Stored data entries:
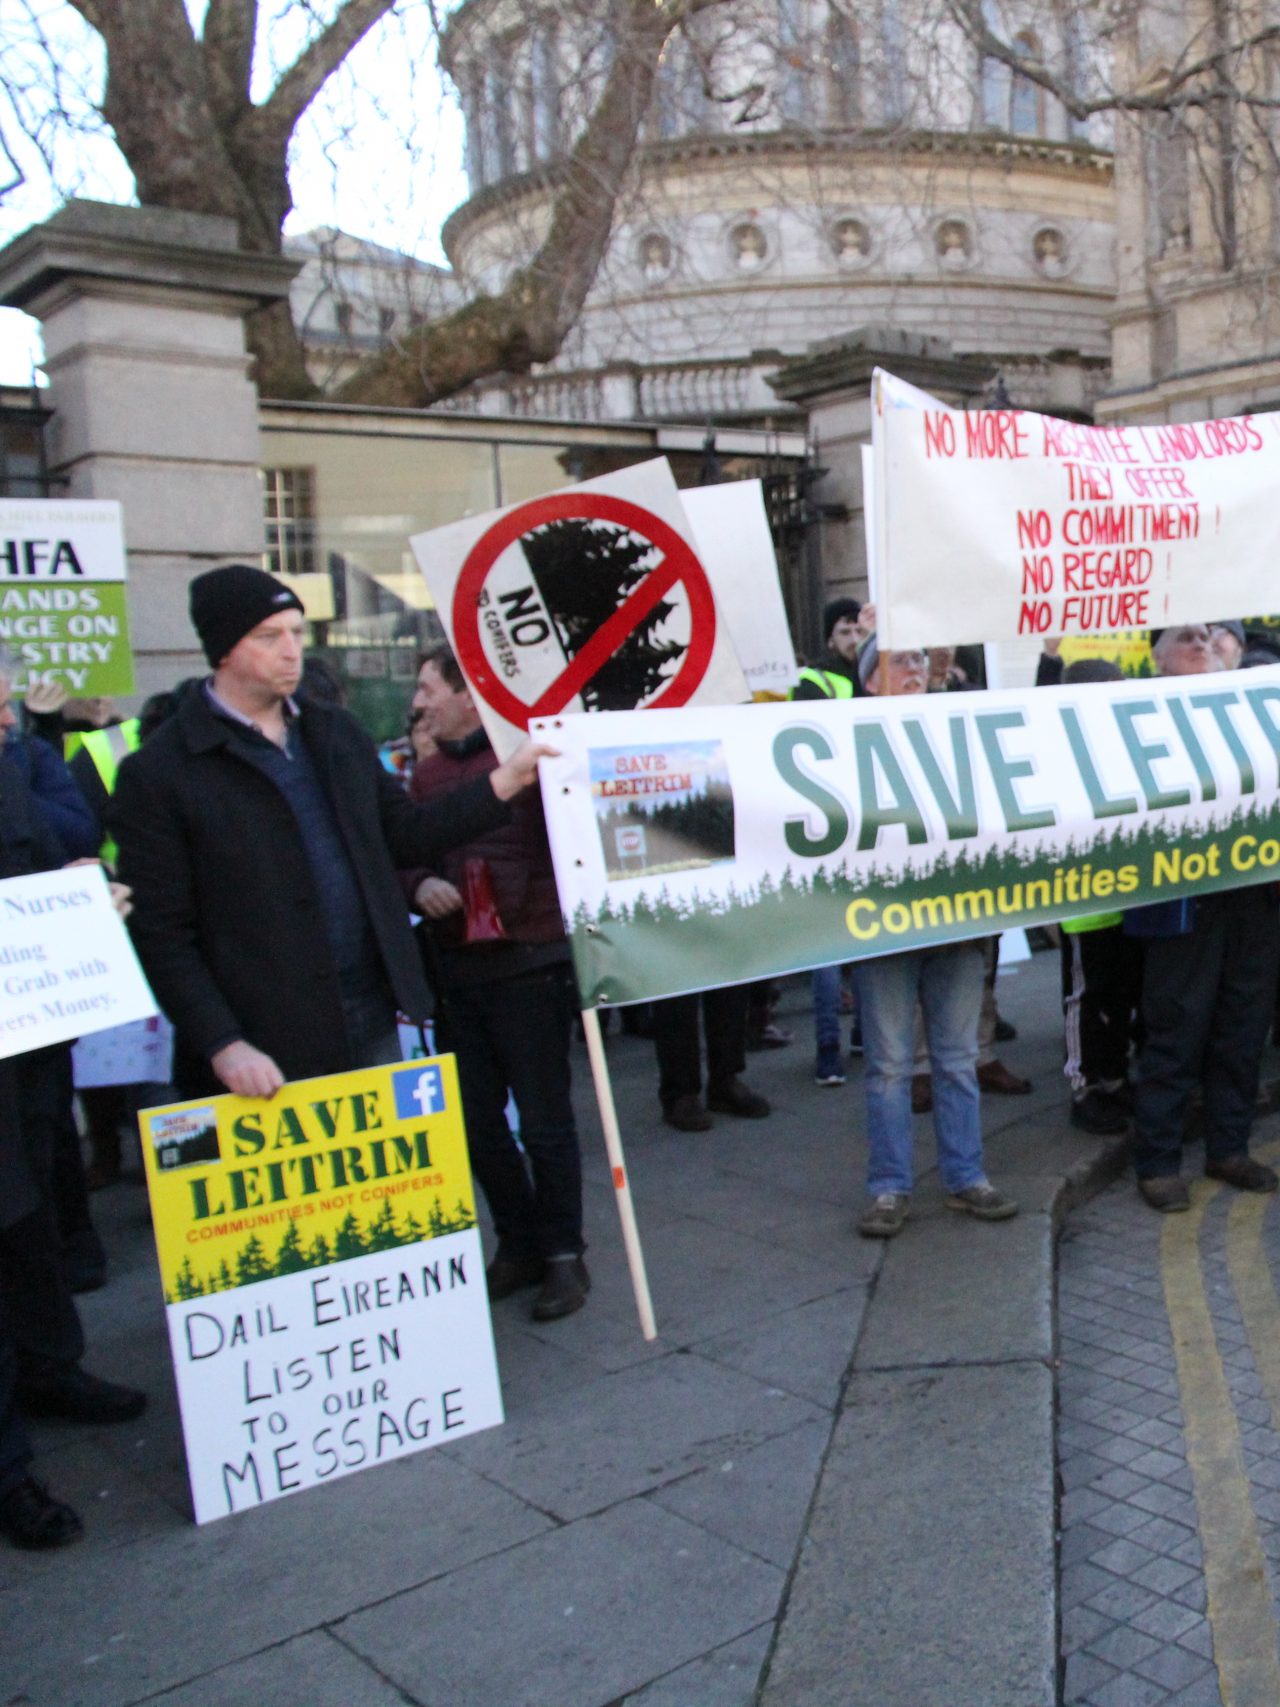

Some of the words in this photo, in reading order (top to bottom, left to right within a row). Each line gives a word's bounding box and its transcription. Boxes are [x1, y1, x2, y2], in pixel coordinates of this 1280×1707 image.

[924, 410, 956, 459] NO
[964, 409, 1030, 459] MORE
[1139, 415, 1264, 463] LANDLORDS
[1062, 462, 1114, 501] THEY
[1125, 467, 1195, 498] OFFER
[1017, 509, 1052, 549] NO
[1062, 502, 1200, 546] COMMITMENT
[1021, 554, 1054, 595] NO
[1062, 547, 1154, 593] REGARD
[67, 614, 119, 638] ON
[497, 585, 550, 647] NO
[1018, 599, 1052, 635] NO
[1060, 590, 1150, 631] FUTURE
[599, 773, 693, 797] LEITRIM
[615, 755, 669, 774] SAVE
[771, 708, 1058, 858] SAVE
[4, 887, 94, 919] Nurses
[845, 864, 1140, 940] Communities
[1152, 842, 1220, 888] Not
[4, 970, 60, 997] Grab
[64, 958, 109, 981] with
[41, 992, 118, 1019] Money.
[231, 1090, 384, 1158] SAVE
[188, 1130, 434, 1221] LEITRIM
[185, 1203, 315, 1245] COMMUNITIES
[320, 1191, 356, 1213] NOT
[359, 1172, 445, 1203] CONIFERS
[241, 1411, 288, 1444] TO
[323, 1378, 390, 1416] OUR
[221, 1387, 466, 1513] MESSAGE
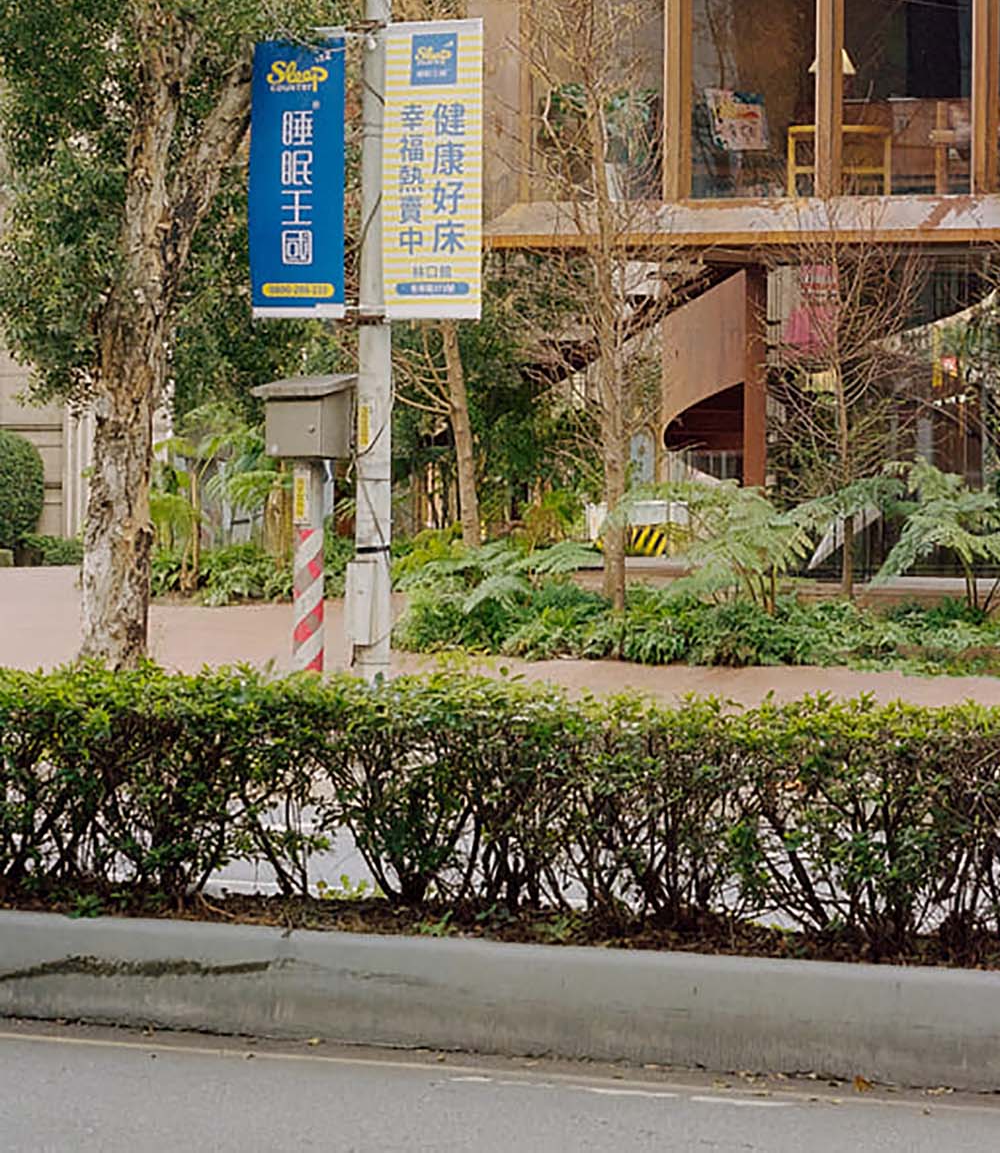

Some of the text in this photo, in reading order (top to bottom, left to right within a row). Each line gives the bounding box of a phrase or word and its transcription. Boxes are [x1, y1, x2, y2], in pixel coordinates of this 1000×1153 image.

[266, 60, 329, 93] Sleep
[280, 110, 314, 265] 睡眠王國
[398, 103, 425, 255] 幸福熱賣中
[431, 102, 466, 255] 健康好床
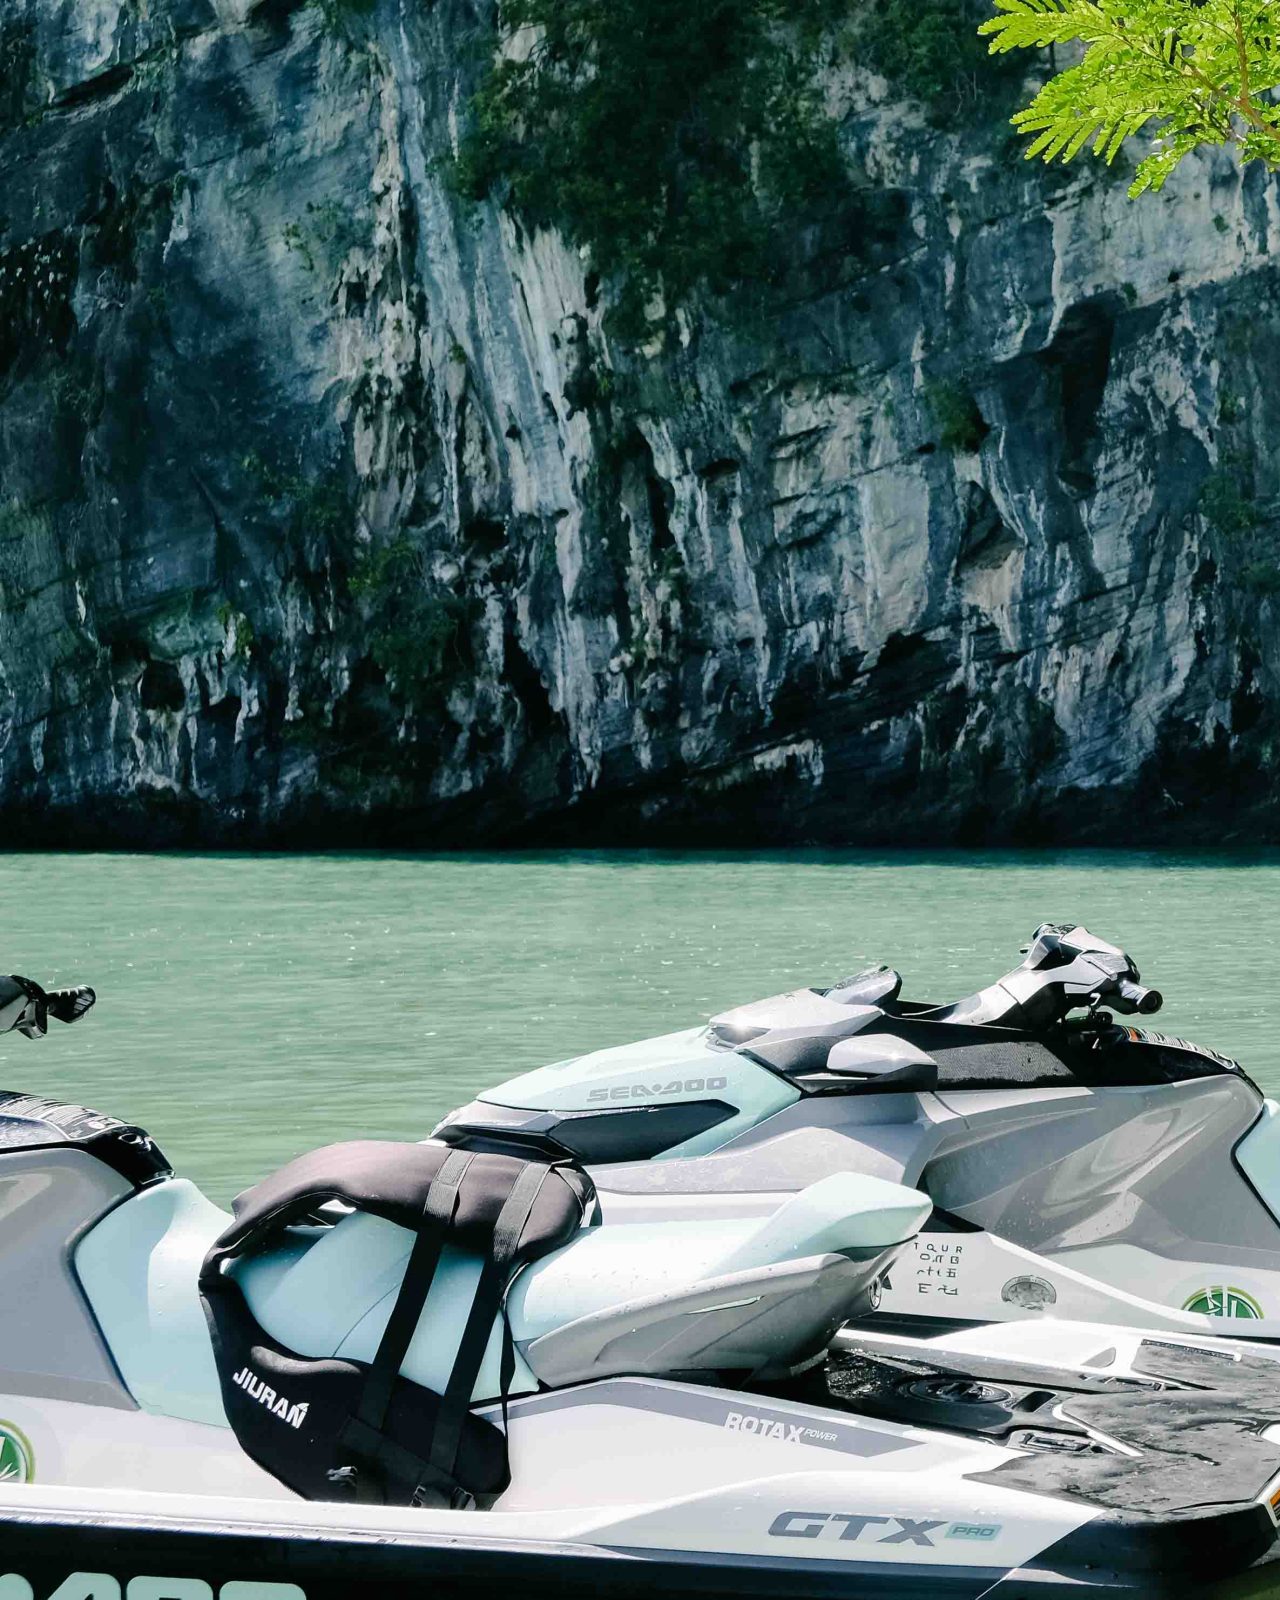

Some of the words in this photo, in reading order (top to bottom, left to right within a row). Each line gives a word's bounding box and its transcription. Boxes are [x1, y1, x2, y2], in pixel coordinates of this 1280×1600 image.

- _What is being asked_
Would you write each entry out again exactly, omitting the images?

- _Answer to this problem_
Some of the words in this photo, in reading order (top to bottom, left to right within a row). Each line gives a word's bounding box and its transcription. Boxes are [x1, y1, x2, y2], in pixel coordinates of this 1280×1707 image.

[924, 410, 956, 459] NO
[964, 409, 1030, 459] MORE
[1139, 415, 1264, 463] LANDLORDS
[1062, 462, 1114, 501] THEY
[1125, 467, 1195, 498] OFFER
[1017, 509, 1052, 549] NO
[1062, 502, 1200, 546] COMMITMENT
[1021, 554, 1054, 595] NO
[1062, 547, 1154, 593] REGARD
[67, 614, 119, 638] ON
[497, 585, 550, 647] NO
[1018, 599, 1052, 635] NO
[1060, 590, 1150, 631] FUTURE
[599, 773, 693, 797] LEITRIM
[615, 755, 669, 774] SAVE
[771, 708, 1058, 858] SAVE
[4, 887, 94, 919] Nurses
[845, 864, 1140, 940] Communities
[1152, 842, 1220, 888] Not
[4, 970, 60, 997] Grab
[64, 958, 109, 981] with
[41, 992, 118, 1019] Money.
[231, 1090, 384, 1158] SAVE
[188, 1130, 434, 1221] LEITRIM
[185, 1203, 315, 1245] COMMUNITIES
[320, 1191, 356, 1213] NOT
[359, 1172, 445, 1203] CONIFERS
[241, 1411, 288, 1444] TO
[323, 1378, 390, 1416] OUR
[221, 1387, 466, 1513] MESSAGE

Some of the text in this photo, in reading order (top to bottom, left to right within a row). Each line gives the bounding box of a phrase or word and its transcription. Boxes are [x1, y1, x2, y2], in pixel coordinates of this 1000×1153 image.

[266, 60, 329, 93] Sleep
[280, 110, 314, 265] 睡眠王國
[398, 103, 425, 255] 幸福熱賣中
[431, 102, 466, 255] 健康好床

Some of the words in this photo, in reading order (top to bottom, left to right within a row). Each line gives a word's bounding box and its transcription. Boxes are [x1, y1, x2, y2], in pixel coordinates of this 1280×1600 image.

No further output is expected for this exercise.